### WHAT IS NEEDED
Excluding images, repeat the data exactly as given.

### RECORDS PROVIDED
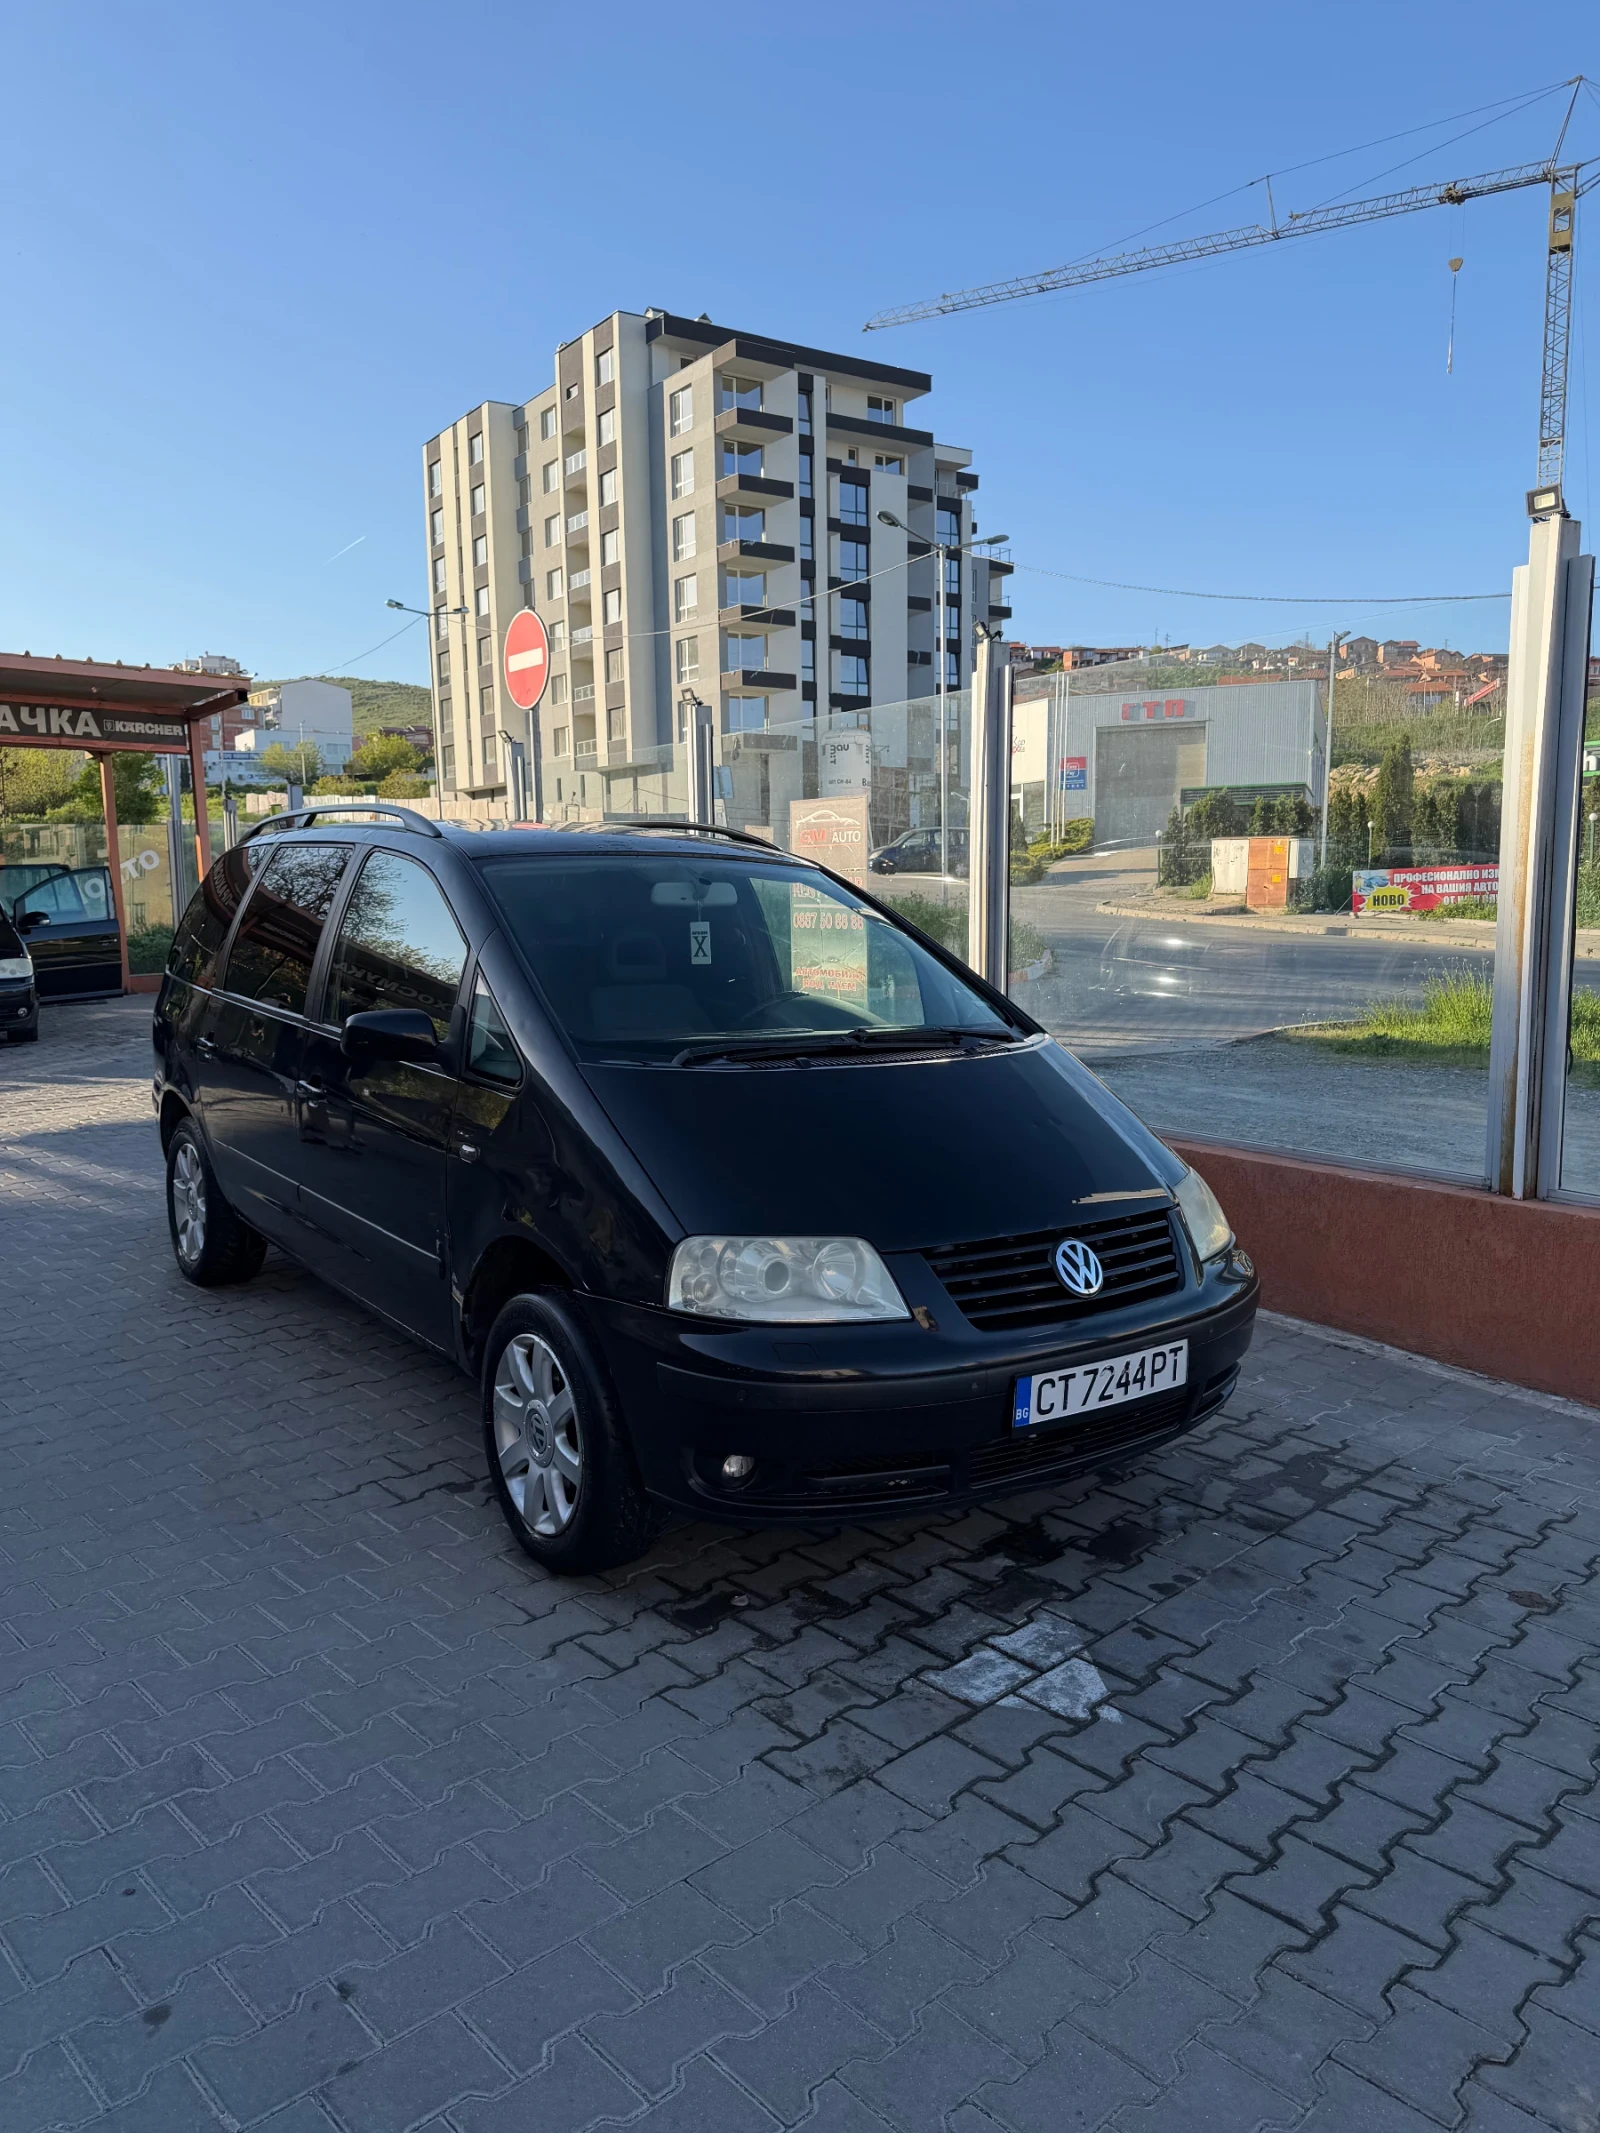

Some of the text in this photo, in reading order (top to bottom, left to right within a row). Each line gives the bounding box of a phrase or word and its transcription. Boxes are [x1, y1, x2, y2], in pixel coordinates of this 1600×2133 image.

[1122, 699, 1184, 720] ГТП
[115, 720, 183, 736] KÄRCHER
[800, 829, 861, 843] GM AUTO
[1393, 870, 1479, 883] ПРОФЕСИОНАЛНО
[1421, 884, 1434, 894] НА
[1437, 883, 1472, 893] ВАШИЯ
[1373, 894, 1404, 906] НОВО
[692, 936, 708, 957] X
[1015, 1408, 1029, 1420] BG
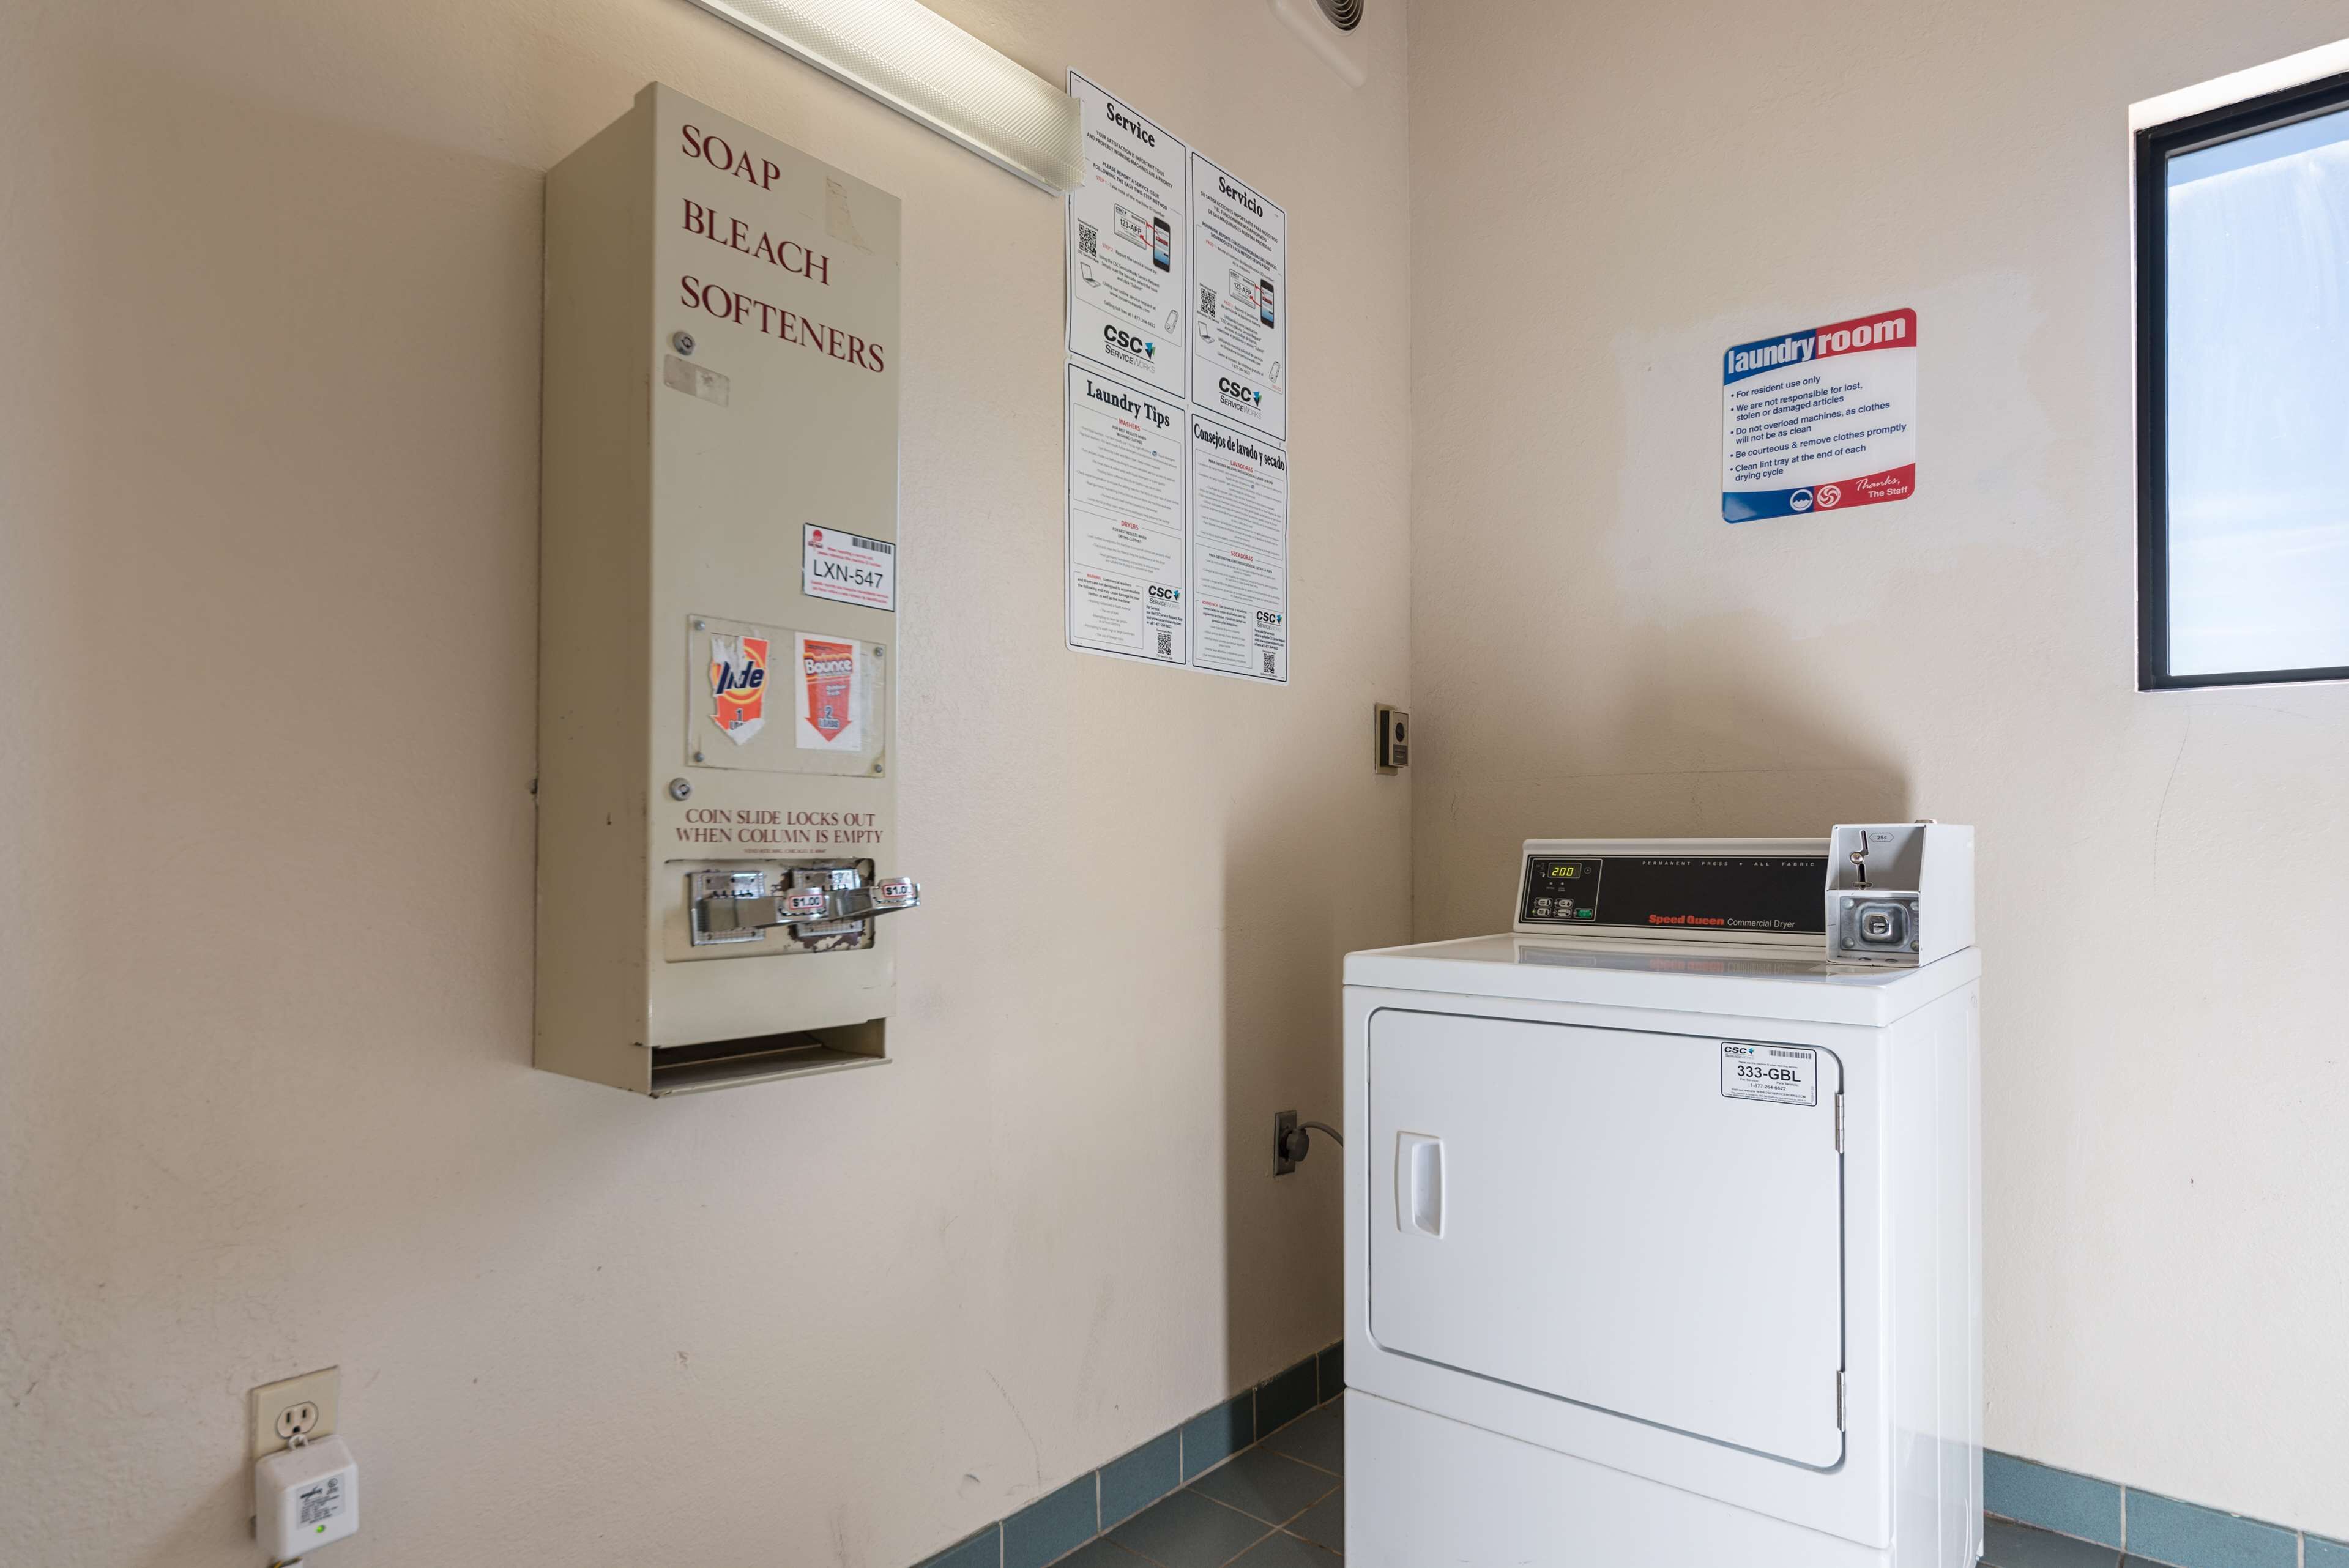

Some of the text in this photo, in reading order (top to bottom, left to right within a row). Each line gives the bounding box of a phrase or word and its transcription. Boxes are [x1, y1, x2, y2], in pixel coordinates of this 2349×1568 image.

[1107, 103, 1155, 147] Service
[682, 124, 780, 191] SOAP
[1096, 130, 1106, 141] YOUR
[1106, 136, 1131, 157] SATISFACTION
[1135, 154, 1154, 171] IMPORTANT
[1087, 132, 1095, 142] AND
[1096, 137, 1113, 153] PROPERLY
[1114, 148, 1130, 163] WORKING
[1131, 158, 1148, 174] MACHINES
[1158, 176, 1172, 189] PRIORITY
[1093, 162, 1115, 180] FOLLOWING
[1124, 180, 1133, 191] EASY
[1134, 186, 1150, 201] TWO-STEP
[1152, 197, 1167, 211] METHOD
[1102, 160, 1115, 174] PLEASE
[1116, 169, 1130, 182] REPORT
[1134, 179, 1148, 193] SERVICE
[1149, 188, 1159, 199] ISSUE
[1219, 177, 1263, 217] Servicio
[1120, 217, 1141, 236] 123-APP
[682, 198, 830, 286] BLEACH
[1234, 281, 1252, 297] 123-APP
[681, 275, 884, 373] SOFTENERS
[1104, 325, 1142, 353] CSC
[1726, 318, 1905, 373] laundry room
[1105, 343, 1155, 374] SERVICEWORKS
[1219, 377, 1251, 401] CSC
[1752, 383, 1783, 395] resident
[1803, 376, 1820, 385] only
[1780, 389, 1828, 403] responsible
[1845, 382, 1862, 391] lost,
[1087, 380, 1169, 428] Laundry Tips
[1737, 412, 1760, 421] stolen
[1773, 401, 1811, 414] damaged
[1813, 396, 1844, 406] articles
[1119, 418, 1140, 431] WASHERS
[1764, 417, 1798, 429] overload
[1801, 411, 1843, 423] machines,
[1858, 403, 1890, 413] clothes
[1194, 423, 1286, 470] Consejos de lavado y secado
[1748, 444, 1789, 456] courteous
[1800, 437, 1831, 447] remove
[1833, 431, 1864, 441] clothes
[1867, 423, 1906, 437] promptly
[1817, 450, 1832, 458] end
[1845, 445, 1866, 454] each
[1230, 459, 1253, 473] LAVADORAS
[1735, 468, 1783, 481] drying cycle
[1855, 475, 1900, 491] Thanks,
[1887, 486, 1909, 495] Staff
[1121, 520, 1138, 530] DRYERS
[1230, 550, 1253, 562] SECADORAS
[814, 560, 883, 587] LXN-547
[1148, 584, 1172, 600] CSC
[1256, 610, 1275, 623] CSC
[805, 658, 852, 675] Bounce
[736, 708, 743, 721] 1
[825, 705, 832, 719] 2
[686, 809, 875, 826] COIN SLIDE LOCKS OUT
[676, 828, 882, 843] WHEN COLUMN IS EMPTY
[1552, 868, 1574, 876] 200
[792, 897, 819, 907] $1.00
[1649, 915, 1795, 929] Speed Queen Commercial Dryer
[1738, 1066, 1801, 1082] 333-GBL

### WRITTEN RESPONSE
Some of the text in this photo, in reading order (top to bottom, left to right within a row). Each line gives the bounding box of a phrase or word and its transcription. Boxes are [x1, y1, x2, y2], in pixel coordinates of this 1600×2133 image.

[1122, 699, 1184, 720] ГТП
[115, 720, 183, 736] KÄRCHER
[800, 829, 861, 843] GM AUTO
[1393, 870, 1479, 883] ПРОФЕСИОНАЛНО
[1421, 884, 1434, 894] НА
[1437, 883, 1472, 893] ВАШИЯ
[1373, 894, 1404, 906] НОВО
[692, 936, 708, 957] X
[1015, 1408, 1029, 1420] BG

Some of the text in this photo, in reading order (top to bottom, left to right within a row). Each line gives the bounding box of a phrase or word and its transcription. Boxes are [x1, y1, x2, y2], in pixel coordinates of this 2349×1568 image.

[1107, 103, 1155, 147] Service
[682, 124, 780, 191] SOAP
[1096, 130, 1106, 141] YOUR
[1106, 136, 1131, 157] SATISFACTION
[1135, 154, 1154, 171] IMPORTANT
[1087, 132, 1095, 142] AND
[1096, 137, 1113, 153] PROPERLY
[1114, 148, 1130, 163] WORKING
[1131, 158, 1148, 174] MACHINES
[1158, 176, 1172, 189] PRIORITY
[1093, 162, 1115, 180] FOLLOWING
[1124, 180, 1133, 191] EASY
[1134, 186, 1150, 201] TWO-STEP
[1152, 197, 1167, 211] METHOD
[1102, 160, 1115, 174] PLEASE
[1116, 169, 1130, 182] REPORT
[1134, 179, 1148, 193] SERVICE
[1149, 188, 1159, 199] ISSUE
[1219, 177, 1263, 217] Servicio
[1120, 217, 1141, 236] 123-APP
[682, 198, 830, 286] BLEACH
[1234, 281, 1252, 297] 123-APP
[681, 275, 884, 373] SOFTENERS
[1104, 325, 1142, 353] CSC
[1726, 318, 1905, 373] laundry room
[1105, 343, 1155, 374] SERVICEWORKS
[1219, 377, 1251, 401] CSC
[1752, 383, 1783, 395] resident
[1803, 376, 1820, 385] only
[1780, 389, 1828, 403] responsible
[1845, 382, 1862, 391] lost,
[1087, 380, 1169, 428] Laundry Tips
[1737, 412, 1760, 421] stolen
[1773, 401, 1811, 414] damaged
[1813, 396, 1844, 406] articles
[1119, 418, 1140, 431] WASHERS
[1764, 417, 1798, 429] overload
[1801, 411, 1843, 423] machines,
[1858, 403, 1890, 413] clothes
[1194, 423, 1286, 470] Consejos de lavado y secado
[1748, 444, 1789, 456] courteous
[1800, 437, 1831, 447] remove
[1833, 431, 1864, 441] clothes
[1867, 423, 1906, 437] promptly
[1817, 450, 1832, 458] end
[1845, 445, 1866, 454] each
[1230, 459, 1253, 473] LAVADORAS
[1735, 468, 1783, 481] drying cycle
[1855, 475, 1900, 491] Thanks,
[1887, 486, 1909, 495] Staff
[1121, 520, 1138, 530] DRYERS
[1230, 550, 1253, 562] SECADORAS
[814, 560, 883, 587] LXN-547
[1148, 584, 1172, 600] CSC
[1256, 610, 1275, 623] CSC
[805, 658, 852, 675] Bounce
[736, 708, 743, 721] 1
[825, 705, 832, 719] 2
[686, 809, 875, 826] COIN SLIDE LOCKS OUT
[676, 828, 882, 843] WHEN COLUMN IS EMPTY
[1552, 868, 1574, 876] 200
[792, 897, 819, 907] $1.00
[1649, 915, 1795, 929] Speed Queen Commercial Dryer
[1738, 1066, 1801, 1082] 333-GBL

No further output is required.